(Image-backed grounding data)
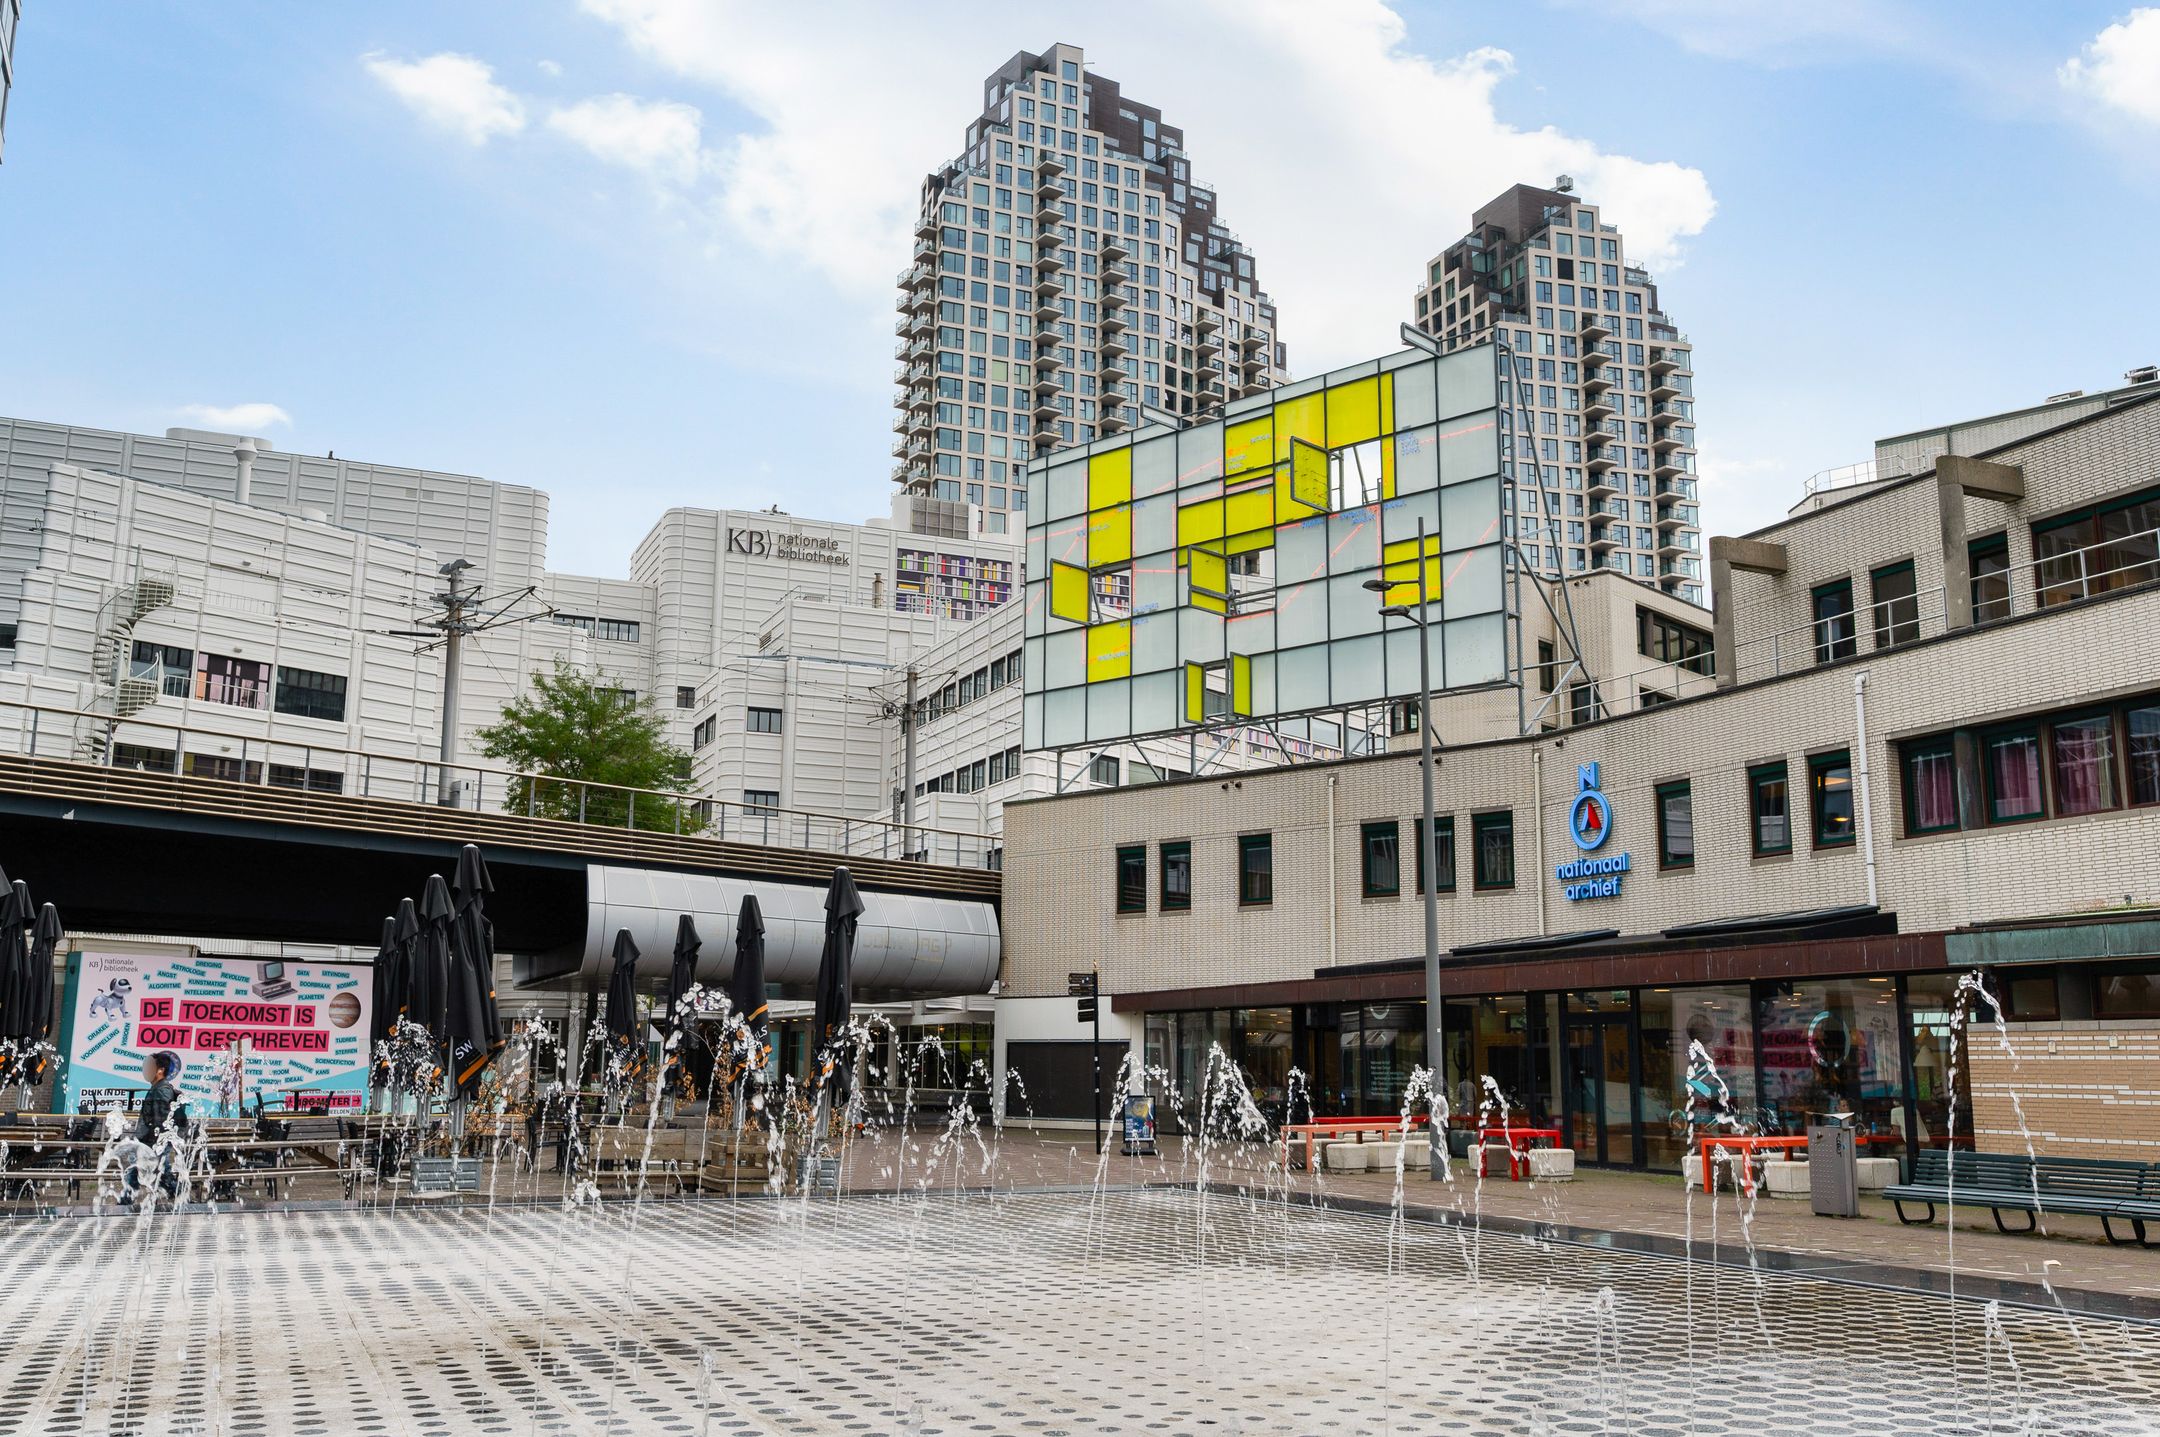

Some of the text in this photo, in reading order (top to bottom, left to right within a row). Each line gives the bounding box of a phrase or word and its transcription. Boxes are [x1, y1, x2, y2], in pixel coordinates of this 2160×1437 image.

[726, 528, 839, 555] KB nationale
[776, 546, 850, 567] bibliotheek
[1556, 852, 1631, 880] nationaal
[1565, 876, 1622, 901] archief
[103, 964, 139, 973] bibliotheek
[104, 958, 134, 966] nationale
[157, 970, 177, 979] ANGST
[188, 978, 227, 987] KUNSTMATIGE
[148, 982, 181, 990] ALGORITME
[143, 1001, 313, 1024] DE TOEKOMST IS
[87, 1022, 110, 1041] ORAKEL
[140, 1027, 190, 1046] OOIT
[80, 1028, 120, 1060] VOORSPELLING
[81, 1089, 103, 1097] DUIK
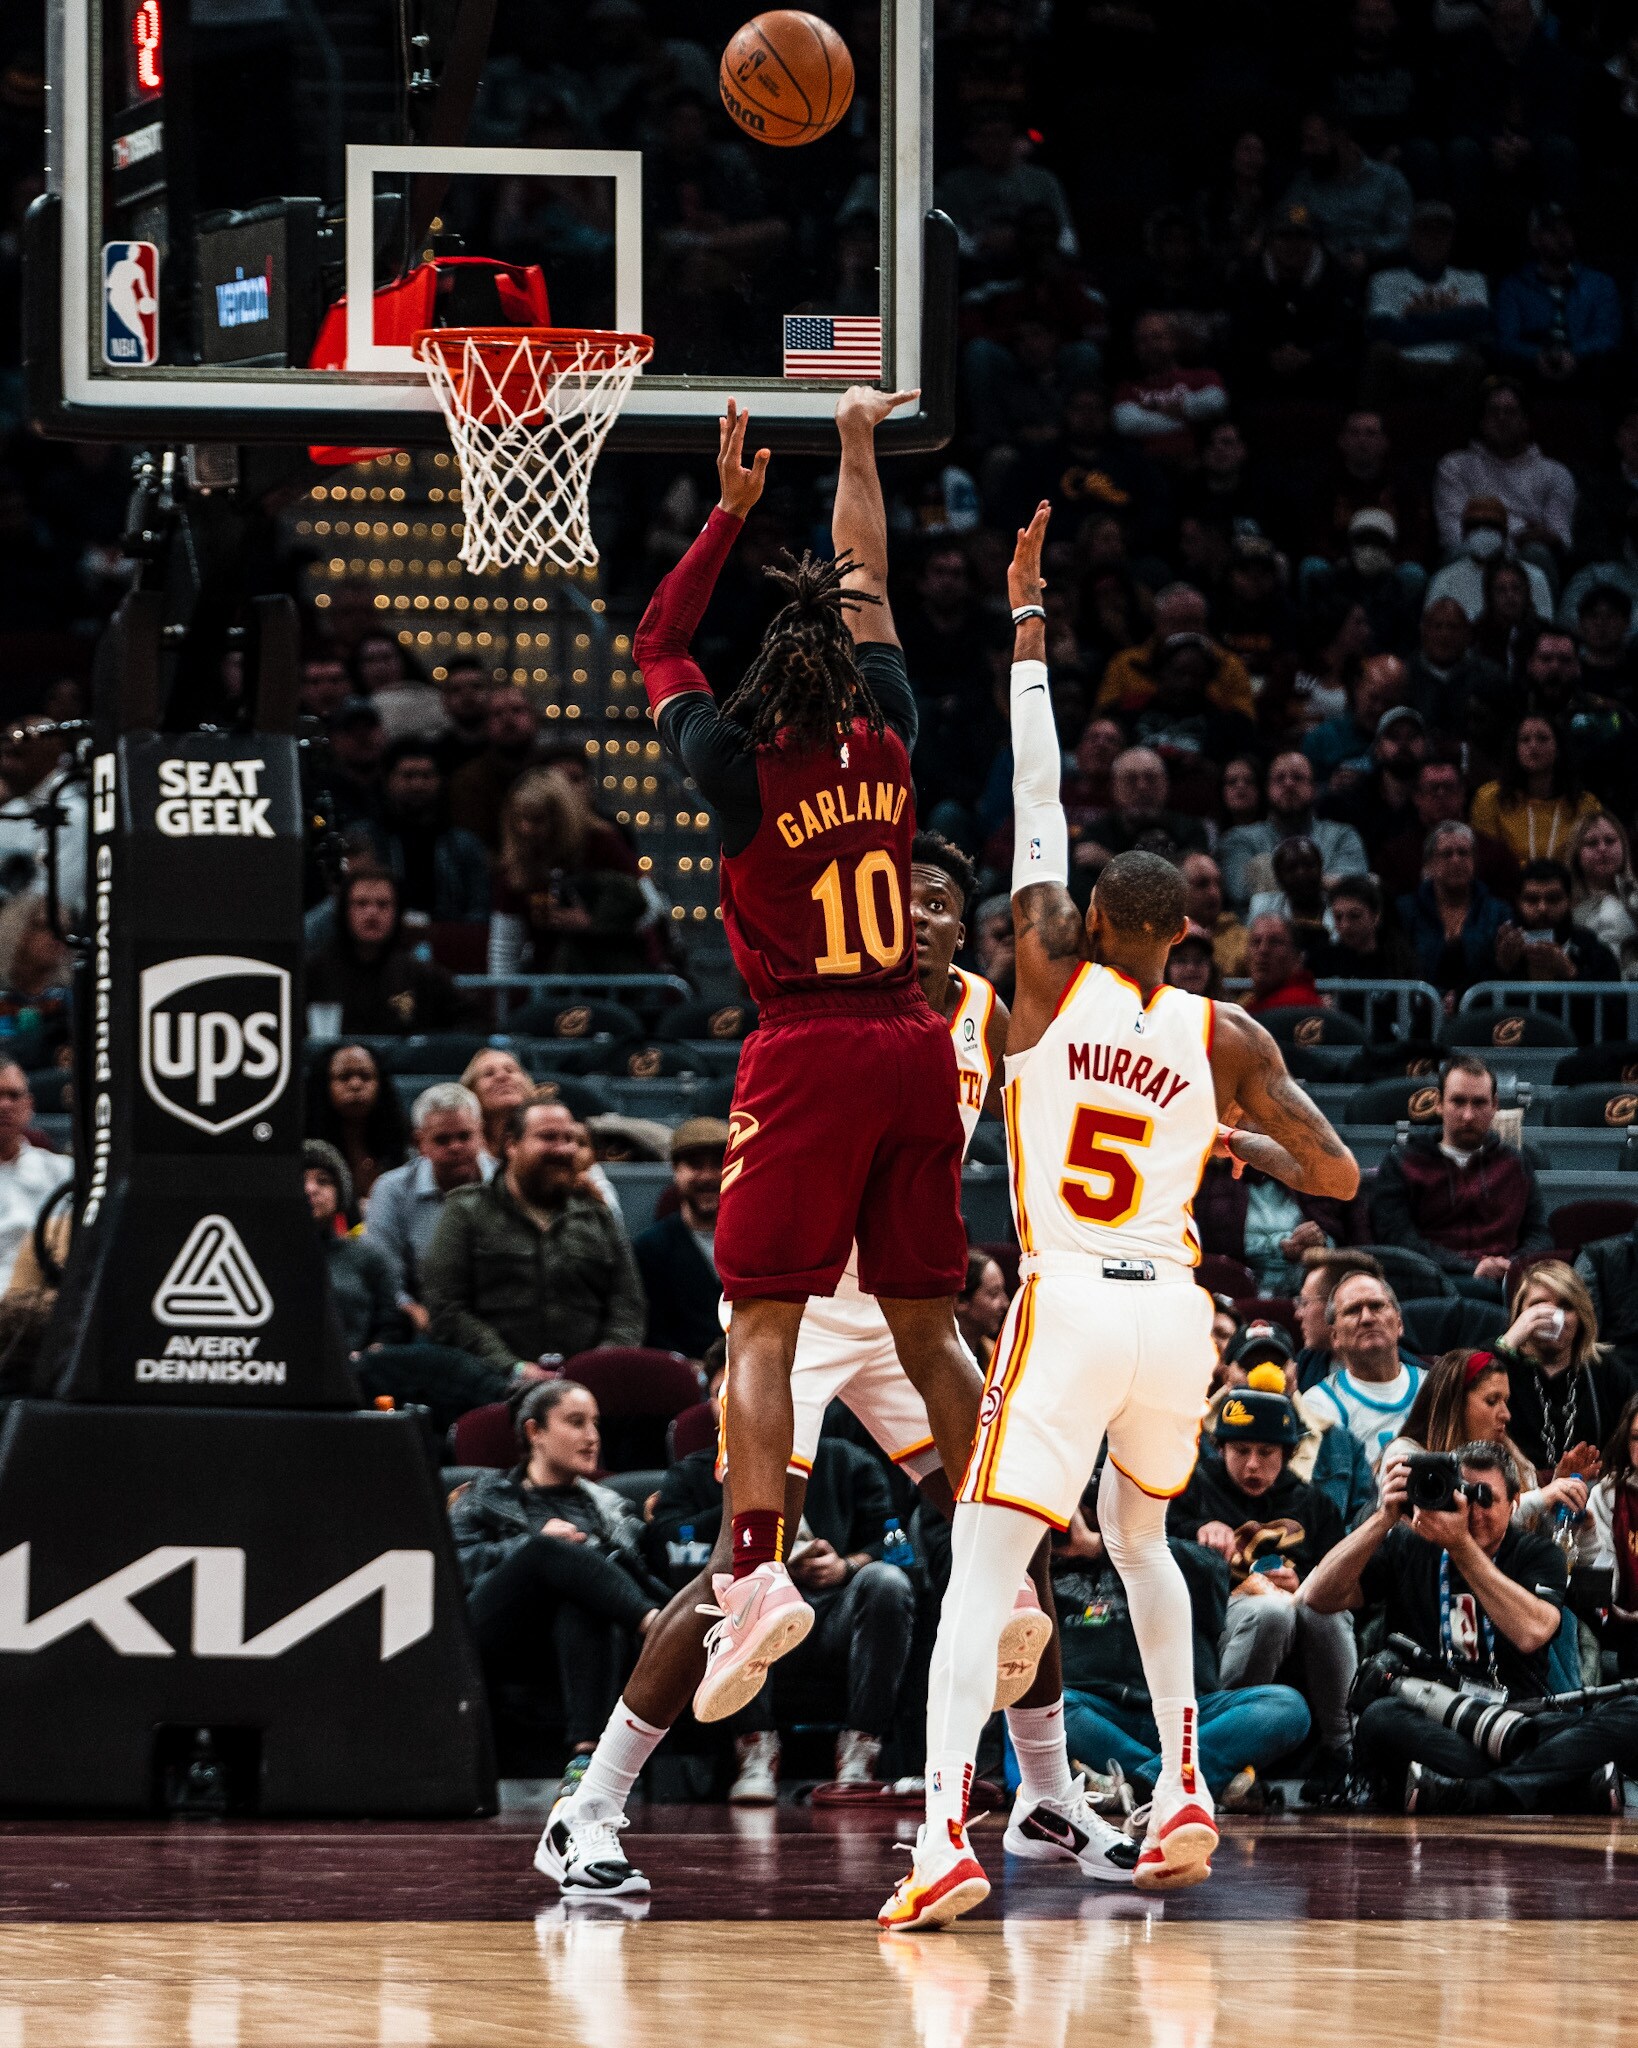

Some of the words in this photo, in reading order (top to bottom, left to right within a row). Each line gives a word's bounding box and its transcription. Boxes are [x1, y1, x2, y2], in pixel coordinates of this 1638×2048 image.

[158, 759, 266, 798] SEAT
[155, 798, 277, 839] GEEK
[777, 782, 907, 848] GARLAND
[811, 849, 904, 975] 10
[152, 1010, 280, 1106] ups
[1068, 1043, 1190, 1109] MURRAY
[1058, 1102, 1154, 1228] 5
[135, 1358, 288, 1385] DENNISON
[162, 1335, 261, 1359] AVERY
[0, 1541, 435, 1662] KIA

WHAT IS REQUIRED: Set down nothing but the lines from the one with "Some of the words" through the end of the records, keeping each line exactly as written and including both ends.

OUTPUT FOR THIS TASK:
Some of the words in this photo, in reading order (top to bottom, left to right within a row). Each line gives a word's bounding box and its transcription. Boxes are [x1, y1, x2, y2], in pixel coordinates of this 1638×2048 image.

[158, 759, 266, 798] SEAT
[155, 798, 277, 839] GEEK
[777, 782, 907, 848] GARLAND
[811, 849, 904, 975] 10
[152, 1010, 280, 1106] ups
[1068, 1043, 1190, 1109] MURRAY
[1058, 1102, 1154, 1228] 5
[135, 1358, 288, 1385] DENNISON
[162, 1335, 261, 1359] AVERY
[0, 1541, 435, 1662] KIA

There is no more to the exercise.